Structure-based discovery of sulfamoyl-ethyl-4-oxo-3,4-dihydro-7H-pyrrolo[2,3-d]pyrimidine amides and sulfonamides as potent B-Cell Lymphoma 6 (BCL6)-BTB inhibitors.

Diffuse Large B-Cell Lymphoma (DLBCL) is one of the most aggressive forms of lymphoid malignancies. About 40 % of patients eventually relapse and succumb to the disease within 5 years after diagnosis, underscoring the need for new treatment modalities. B-Cell Lymphoma 6 protein (BCL6) is a repressive transcription factor that is dysregulated in about 40 % of DLBCLs.

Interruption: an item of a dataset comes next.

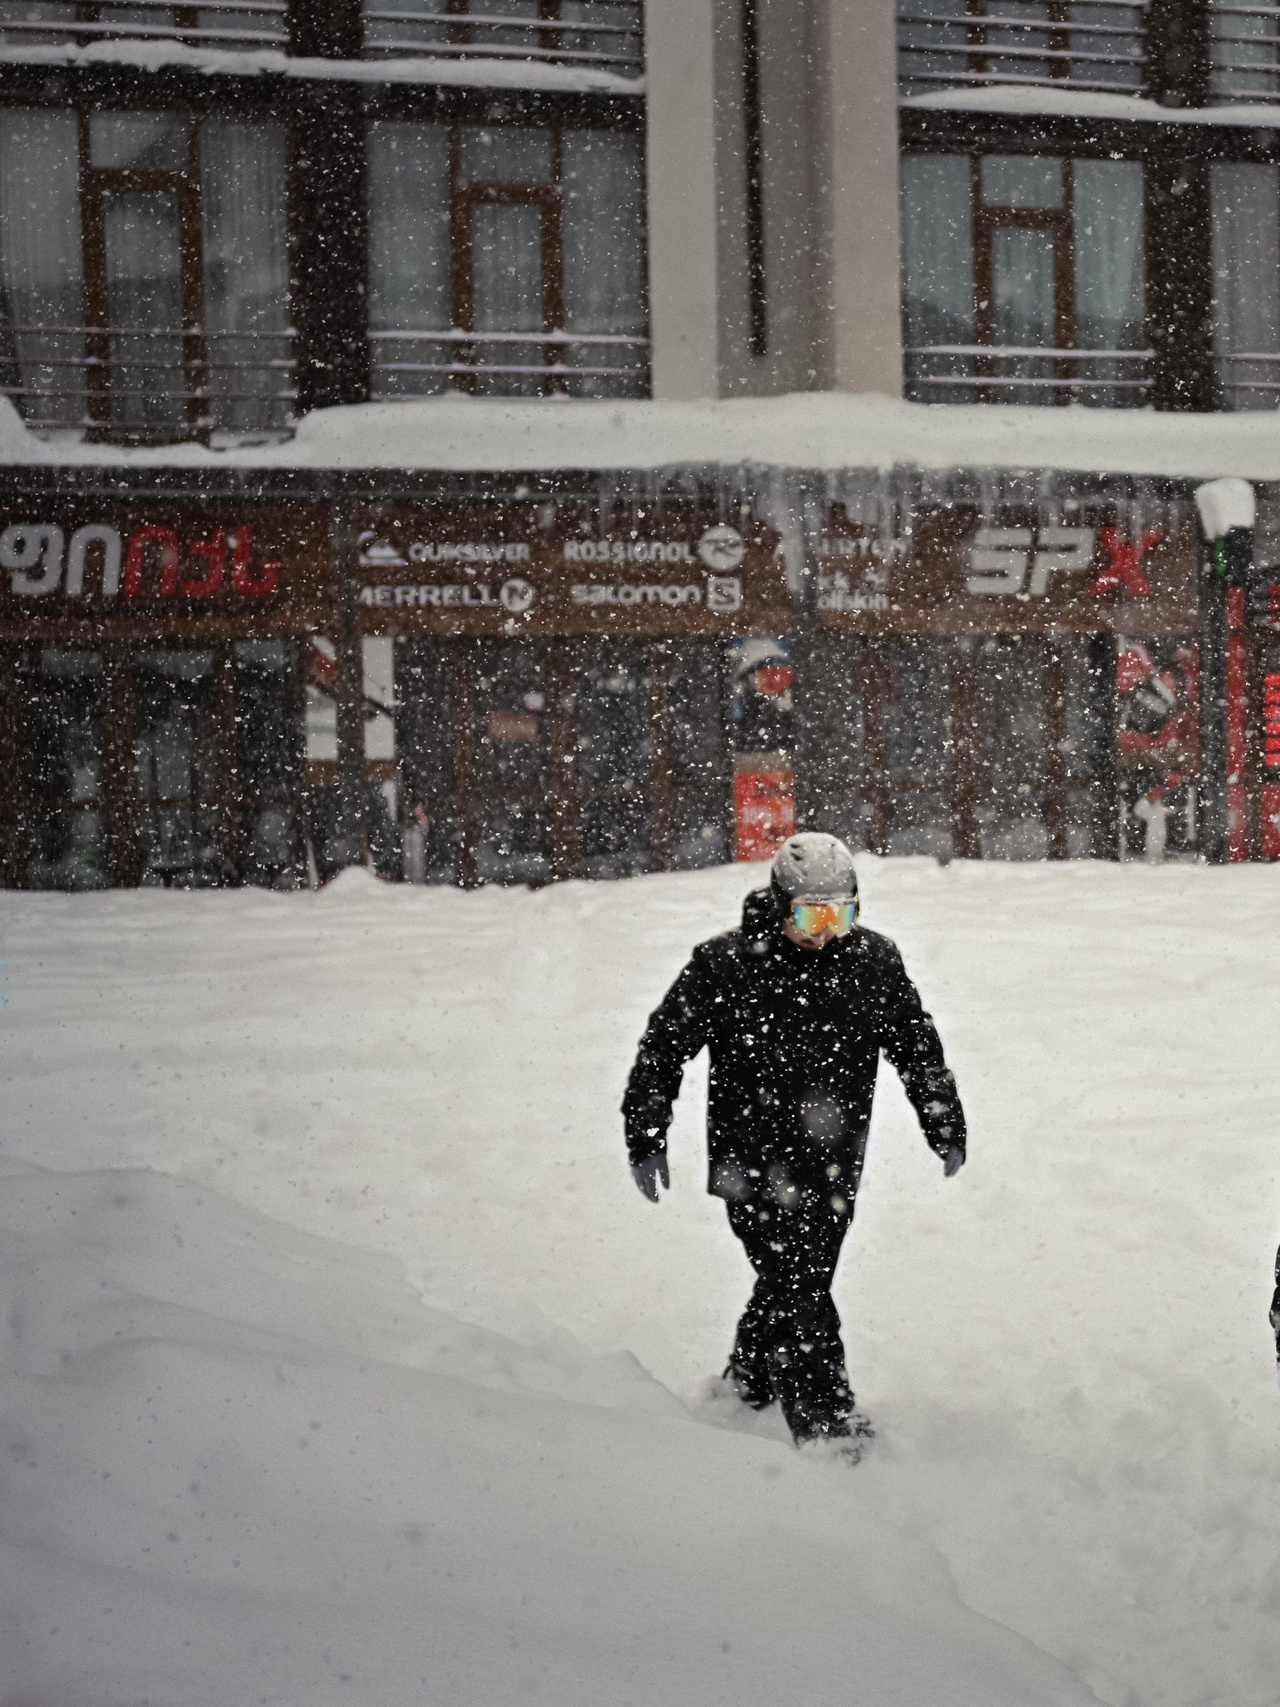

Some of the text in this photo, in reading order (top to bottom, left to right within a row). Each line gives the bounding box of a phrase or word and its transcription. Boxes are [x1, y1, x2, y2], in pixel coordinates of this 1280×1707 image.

[817, 537, 908, 558] URTON
[966, 527, 1167, 595] SPX
[817, 592, 891, 611] olfskin

As a rationale for pursuing BCL6 as a drug target, disrupting complexes between this protein and its co-repressors is thought to mitigate the downstream oncogenic effects of this pathway. However, drugging transcription factors presents a formidable undertaking since targeting protein-protein interactions has historically been challenging. In this study, we used X-ray structures of BCL6-SMRT (a silencing mediator for retinoid or thyroid-hormone receptors, also known as the nuclear receptor co-repressor 2, NCOR2) peptide and compound 79-6 to conduct a virtual screen of a library of 5.2 million compounds. Through this exercise, we identified the pyrrolopyridone 3 as a viable hit, which in turn led to the identification of pyrrolopyrimidone lead compound 4. The X-ray crystal structure of 4 bound to the BTB (Broad-Complex, Tramtrack, and Bric à brac) domain of BCL6 revealed a large back pocket as well as a left-hand channel adjacent to the ligand that could be leveraged to optimize these compounds. Sulfonamide side chains were therefore introduced to target this space, leading to compounds 11d and 11e having sub-micromolar binding to the BTB domain of BCL6.